Christopher Allner - 14 May 2010

Recent figures show that in the wake of the economic crisis, there have been relatively few failures of small companies, decreasing from 2009 to 2010 (source: The Insolvency Service*). This is not simply heartening, it's the kind of result that we should consider carefully in order to arrive at the reasons for it. As long-time investors in small growing companies, we know how important it is to be aware of and deliver the support companies need, not only at every stage in their development but at every stage of the economic cycle. In this way we can help to ensure that they're prepared for the future.

We think there are four major reasons for this relatively low number of company failures: low interest rates, a relatively sympathetic approach initially by Her Majesty's Revenue and Customs (HMRC), a flexible approach from companies themselves, and the particular shape of the recent downturn.

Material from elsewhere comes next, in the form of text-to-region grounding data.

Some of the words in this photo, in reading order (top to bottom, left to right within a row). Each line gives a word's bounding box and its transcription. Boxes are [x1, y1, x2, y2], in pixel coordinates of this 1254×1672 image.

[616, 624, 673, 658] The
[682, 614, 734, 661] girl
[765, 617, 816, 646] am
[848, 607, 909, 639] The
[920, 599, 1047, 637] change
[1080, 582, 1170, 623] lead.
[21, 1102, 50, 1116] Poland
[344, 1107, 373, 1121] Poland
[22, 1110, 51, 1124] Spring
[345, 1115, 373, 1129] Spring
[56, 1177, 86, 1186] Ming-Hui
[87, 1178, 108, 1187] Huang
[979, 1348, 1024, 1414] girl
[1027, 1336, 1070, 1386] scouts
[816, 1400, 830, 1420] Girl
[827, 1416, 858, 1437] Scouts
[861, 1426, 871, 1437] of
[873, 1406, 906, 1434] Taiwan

Interest rates on borrowing have remained much lower than in previous recessions, at around 0.5%. Yes, companies had to contend with first a bank freeze on lending and then banks hiking up their rates. But it's still been better than the situation during the recession of the early 1990s when typical bank lending rates were around 14% (source: www.moneyworld.com). These relatively lower rates, which look set to continue, have allowed businesses to ensure they could meet all their regular payments and stay afloat throughout the downturn.

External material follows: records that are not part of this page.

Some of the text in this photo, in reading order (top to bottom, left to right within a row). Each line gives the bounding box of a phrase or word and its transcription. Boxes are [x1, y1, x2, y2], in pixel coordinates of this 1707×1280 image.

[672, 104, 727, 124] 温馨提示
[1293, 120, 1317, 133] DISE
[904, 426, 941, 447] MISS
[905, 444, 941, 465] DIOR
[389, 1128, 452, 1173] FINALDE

Another important aspect has been the role of HMRC. Recognising the gravity of the situation, it chose to give many companies extra time to meet payments of VAT and PAYE. The Revenue's more lenient approach certainly helped companies in 2008 and 2009, even if this year, it has begun to adopt a tougher stance.

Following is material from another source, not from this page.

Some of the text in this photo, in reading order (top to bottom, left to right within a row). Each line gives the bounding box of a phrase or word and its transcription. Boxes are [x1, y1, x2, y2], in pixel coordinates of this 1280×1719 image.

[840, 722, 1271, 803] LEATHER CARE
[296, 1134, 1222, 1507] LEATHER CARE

Management and staff at many companies have also made short-term sacrifices in order to ensure long-term survival. While a few instances of company management eschewing bonuses have made headlines, there have been many more cases where loyal staff have agreed to take pay-cuts, sometimes up to 20%. This has helped people hold on to their jobs while management have worked to hold on to a whole company.

Finally, the trajectory of this recession has been a factor in companies' survival rates. Whereas previous downturns have been V-shaped; characterised by a steep fall, a quick turnaround, and then a strong recovery, the recent downturn has been described variously as U-shaped (a long period of decline, with an extended period of time spent at the bottom before recovery happens), and W-shaped, (a downturn, followed by a false dawn and a further dip, before real recovery takes place). The main point is that there has not been a quick return to growth - it is happening slowly and tentatively. What this means for small growing companies is that there has not been a sudden resurgence of orders with recovery, and so they have not had to face the issue of needing to find cash to buy supplies to meet the new orders. It's often during an upturn that many good companies have failed and we should be wary about what will happen this time around when the economy does start to get moving.

At Octopus Ventures, we've been working closely with investee companies to help them get through the downturn and to identify the particular opportunities it has bought - from reassessing and streamlining operations to expanding via good value acquisitions. Our aim is to ensure that companies are able to face all the challenges in the economic environment, from recession to recovery. In this way companies can constantly develop and innovate, whatever the economic climate.

* There were 4,082 compulsory liquidations and creditors' voluntary liquidations in total in England and Wales in the first quarter of 2010 (on a seasonally adjusted basis). This was a decrease of 8.4% on the previous quarter and a decrease of 17.8% on the same period a year ago (source: The Insolvency Service).